Exercise | The answer should match the entries that follow exactly, except that no image appears in it.

Exercise input |

--------------------------------

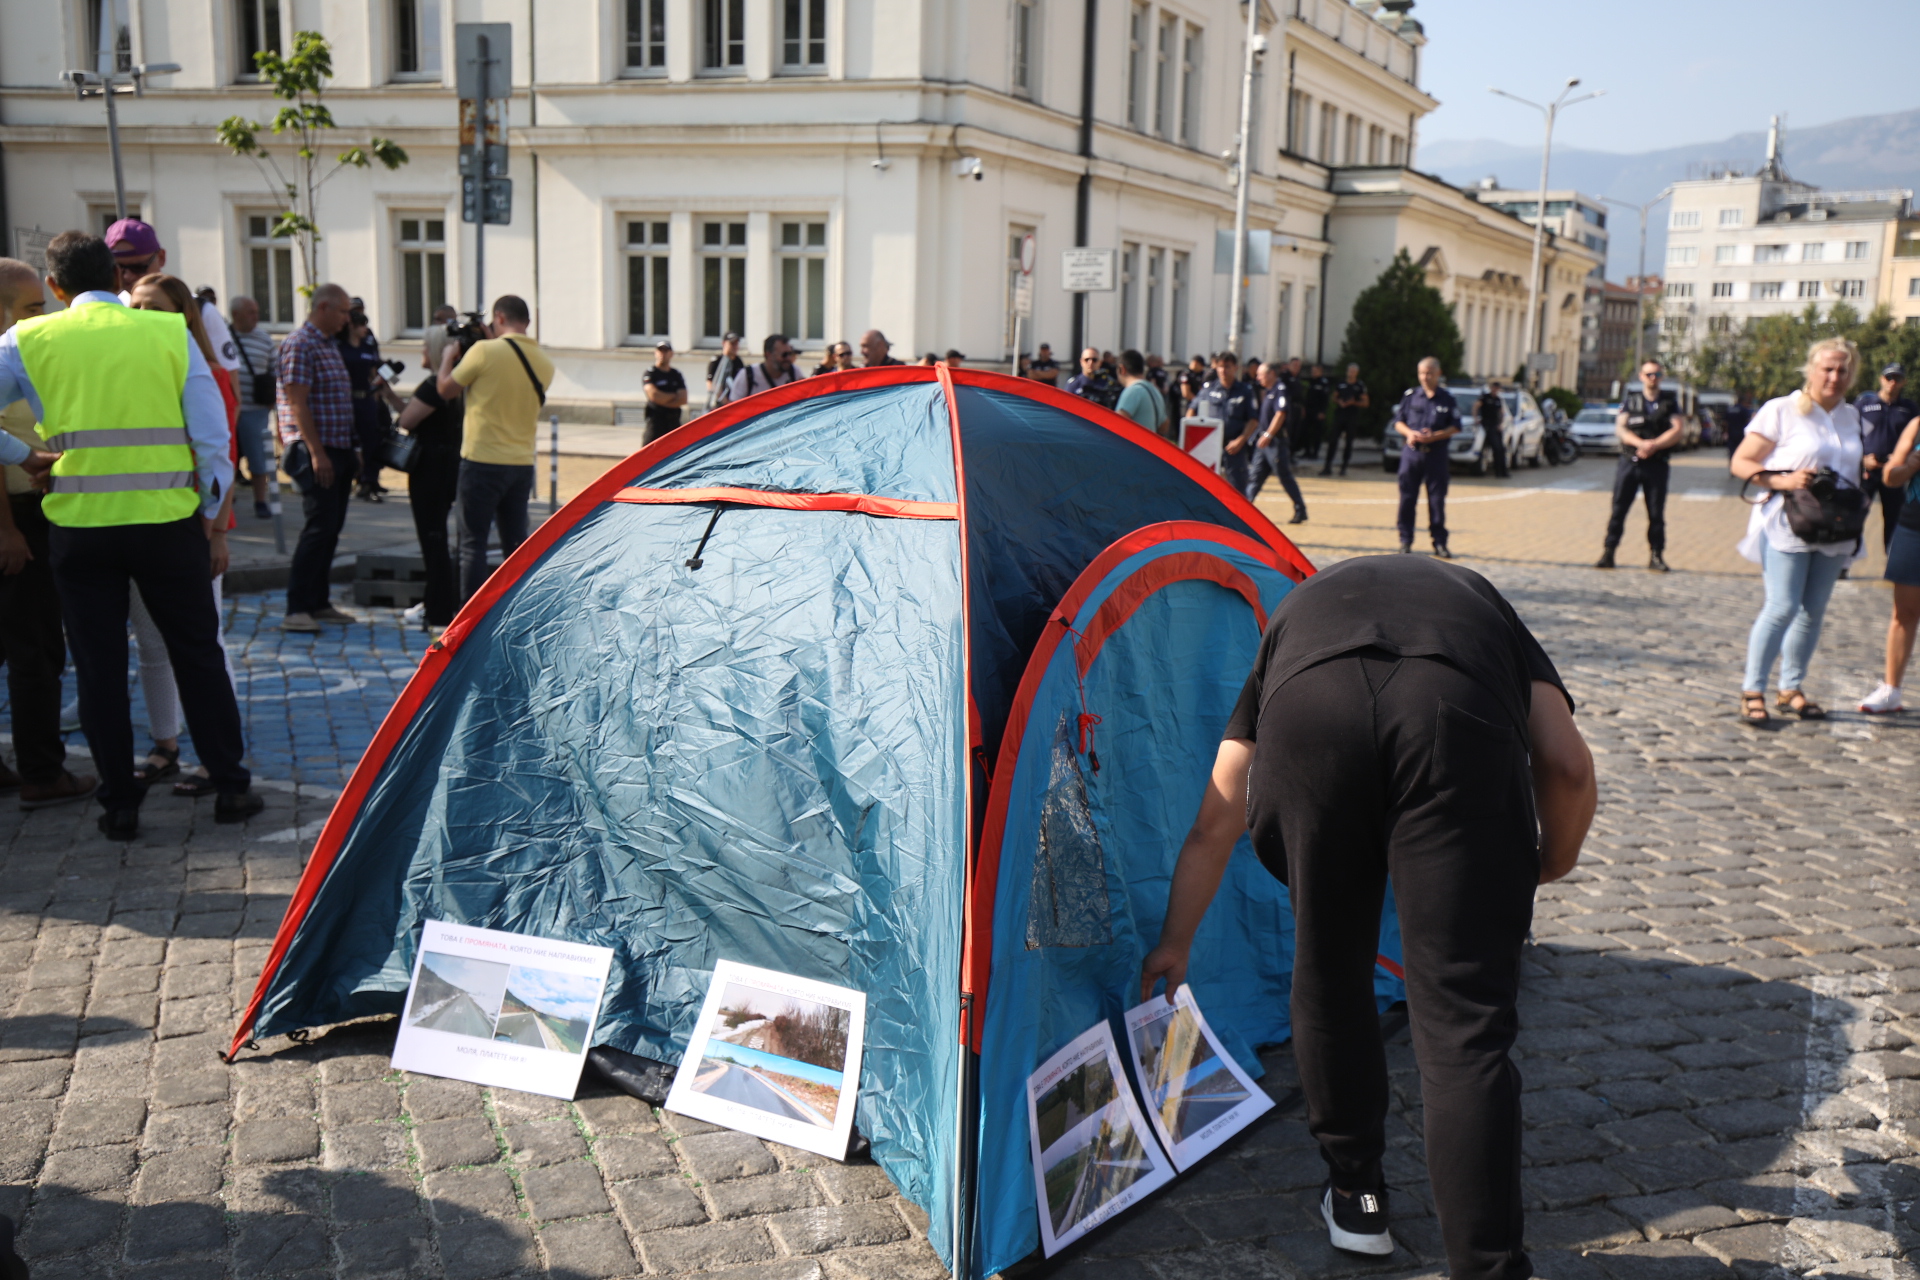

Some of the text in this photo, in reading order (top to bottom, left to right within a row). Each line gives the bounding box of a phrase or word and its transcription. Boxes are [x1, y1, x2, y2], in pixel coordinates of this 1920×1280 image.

[440, 933, 458, 943] ТОВА
[464, 938, 508, 951] ПРОМЯНАТА,
[509, 945, 533, 955] КОЯТО
[533, 948, 547, 957] НИЕ
[548, 951, 597, 964] НАПРАВИХМЕ!
[479, 1049, 508, 1060] ПЛАТЕТЕ

--------------------------------

Result of the exercise |
Some of the text in this photo, in reading order (top to bottom, left to right within a row). Each line gives the bounding box of a phrase or word and its transcription. Boxes are [x1, y1, x2, y2], in pixel coordinates of this 1920×1280 image.

[440, 933, 458, 943] ТОВА
[464, 938, 508, 951] ПРОМЯНАТА,
[509, 945, 533, 955] КОЯТО
[533, 948, 547, 957] НИЕ
[548, 951, 597, 964] НАПРАВИХМЕ!
[479, 1049, 508, 1060] ПЛАТЕТЕ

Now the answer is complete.